The timing interval of memorial rites for the dead varies. In Sri Lanka, the rites (pūjanās) are to be held on the seventh day, three months, and one year after the death day. These memorial rites are called mataka dānēs, and monks are invited for the memorial feasts. The AbhidharmakoŚabhĀṣya and other Buddhist texts describe the judgments said to be undergone by the dead in the intermediate states (Sanskrit, antarābhava; Chinese, zhongyou) every seven days after death, up to the forty-ninth day. The forty-ninth day is the final date when the realm of rebirth—whether in the hells, the heavens, or other realms—will be decided. Thus it marks the end of first mourning period for the living. In China, memorial rites for the deceased assume the form of Ten Buddha Rites (Chinese, shifoshi), which include seven weekly rites held every seven days up to the forty-ninth day, and on the hundredth day, one year, and the third year anniversaries—in total, ten memorial rites.

In Japan, three to five more rites were added, including rites held on the seventh, thirteenth, and thirty-third anniversaries. Observing ancestral rites is a major part of Japanese Buddhist practice, and death related rituals and services, such as funerals and memorial rites, have become the major source of monastic financing. According to folklorist Yanagida Kunio, the deceased souls, which are called hotoke (buddha) or spirits (Japanese, shōrei) are purified through these memorial rites. Once pacified, they become kami (deities) after the thirty-third anniversary memorial rite. These deified ancestors eventually lose their individual personalities as time passes and converge into the collective group of divine ancestors, which resides in the ancestral tablets (Japanese, ihai) and in ancestral family tombs. In Japan, ihai tablets are the most significant object in a Buddhist altar. They are enshrined in Japanese homes, with the exception

of those of Jōdo Shinshu, one of the major lineages of Pure Land adherents. The ancestral tablet is Chinese Confucian in origin but was popularized by Buddhist monks during the fifteenth and sixteenth centuries (Fujii, 1988, p. 20).

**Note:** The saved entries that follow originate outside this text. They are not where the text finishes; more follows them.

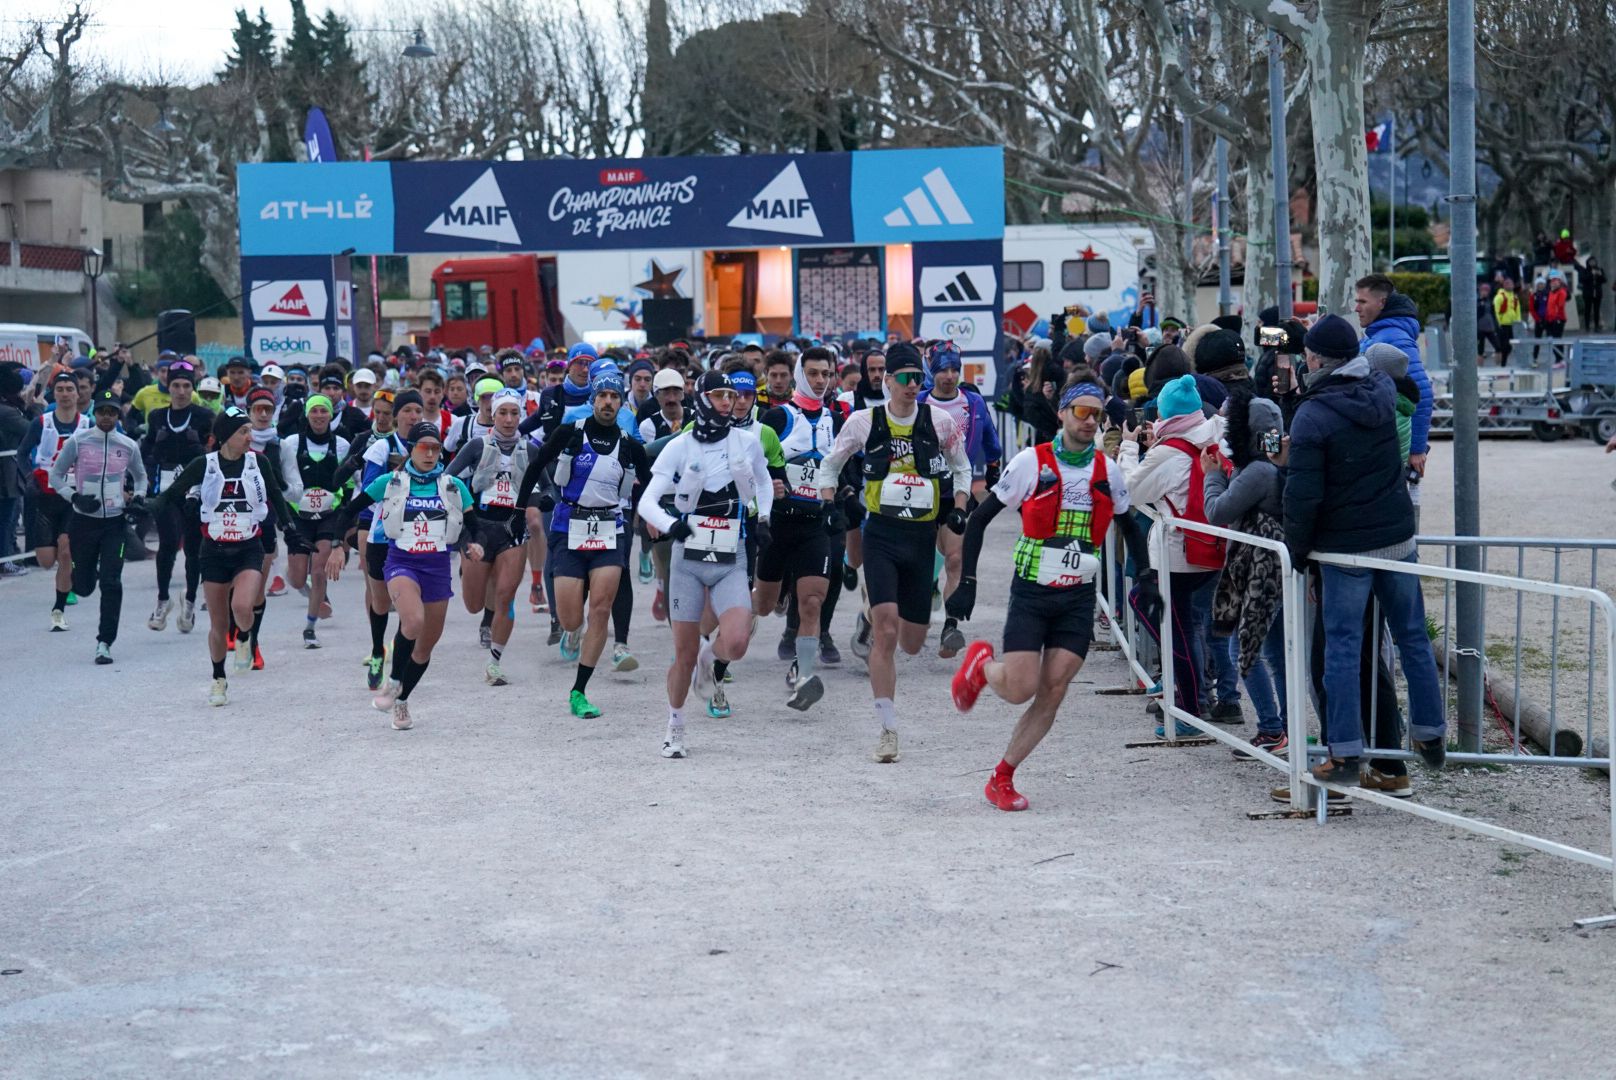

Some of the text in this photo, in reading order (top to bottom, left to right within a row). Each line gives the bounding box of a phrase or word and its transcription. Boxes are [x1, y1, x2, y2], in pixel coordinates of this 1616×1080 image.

[607, 173, 636, 182] MAIF
[548, 175, 698, 222] CHAMPIONNATS
[260, 193, 374, 220] ATHLÉ
[745, 199, 811, 220] MAIF
[443, 206, 509, 227] MAIF
[572, 206, 672, 239] DE FRANCE
[275, 299, 306, 311] MAIF
[259, 336, 311, 352] Bédoin
[801, 467, 815, 482] 34
[497, 480, 510, 493] 60
[795, 487, 817, 497] MAIF
[904, 486, 912, 501] 3
[310, 498, 322, 509] 53
[223, 512, 237, 526] 62
[704, 518, 729, 528] MAIF
[414, 521, 429, 537] 54
[587, 522, 598, 535] 14
[220, 532, 244, 540] MAIF
[711, 530, 716, 544] 1
[412, 543, 436, 552] MAIF
[582, 541, 606, 549] MAIF
[1062, 551, 1081, 570] 40
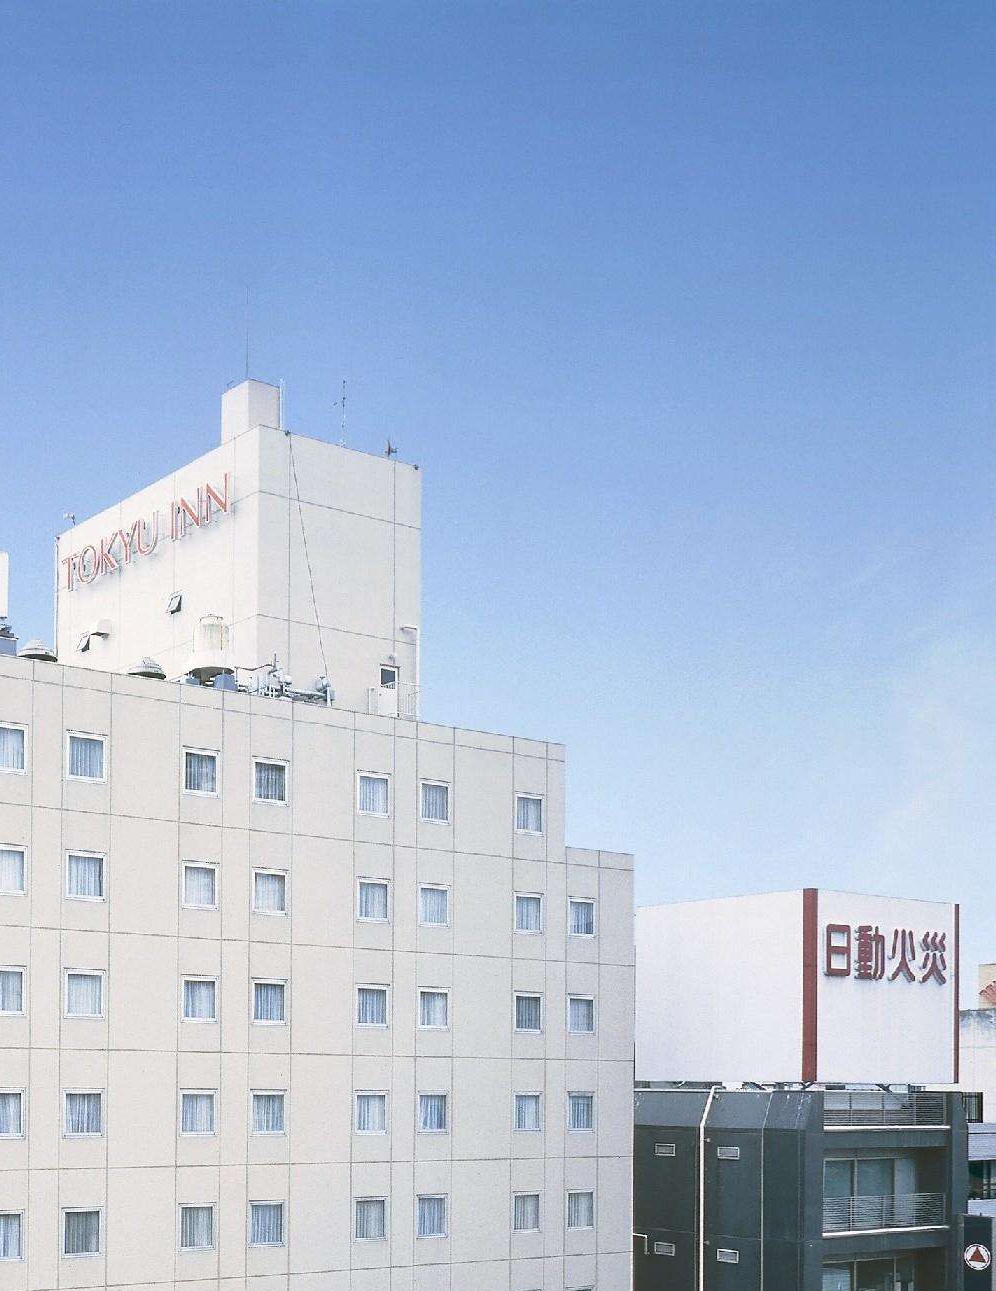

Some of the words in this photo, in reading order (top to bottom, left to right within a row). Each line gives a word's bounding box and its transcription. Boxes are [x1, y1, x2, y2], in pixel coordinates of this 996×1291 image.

Family tombs are also important objects of ancestral worship in Japan. Early tombs are modeled on the stŪpas in India, where relics of the Buddha are enshrined. Japanese ancestral tombs are visited by family members to commemorate their ancestors during the Obon ancestral festival. Unlike the Chinese and Japanese, Thai and Burmese Buddhists do not show much interest in building and maintaining elaborate graves because tombs are not regarded as ancestral residences.

Founder worship in Japan

Another characteristic of Japanese Buddhism in relation to ancestor worship is worship of the founders of various Buddhist schools and sects, many of which were established during the Kamakura period (1185–1333). Those most frequently worshipped include KŪkai (774–835) of the Shingon Tantric school; Eisai (1141–1215) of Rinzai Zen; DŌgen (1200–1253) of Sōtō Zen; HŌnen (1133–1212) of the Pure Land sect or Jōdoshū; Shinran (1173–1263) of Jōdo Shinshū; and Nichiren (1222–1282) of the Nichiren school. These founders are worshipped and revered as divine "fathers" of their respective lineages. The followers of these founders are considered the "children" of the father-founders, using a family analogy. The blood lineage (Japanese, kechimyaku) is interpreted in a spiritual sense as the bond connecting the founder and the followers through various rites. This founder worship is the basis of salvific and devotional Japanese Buddhism, since schools and lineages were formed and developed upon the basis of the revelatory experience of these founders. Several annual rites are performed to commemorate the birth, death, and other major life events of the founders or prominent monks who contributed to the different schools of Buddhism in Japan. The stupas, which contain the remains of founders and prominent monks, are usually constructed within a monastery complex of the headquarters of a particular lineage or sect. Furthermore, statues of the founders and prominent monks are made and placed near the central objects of worship, usually Buddha figures or maṆḌalas.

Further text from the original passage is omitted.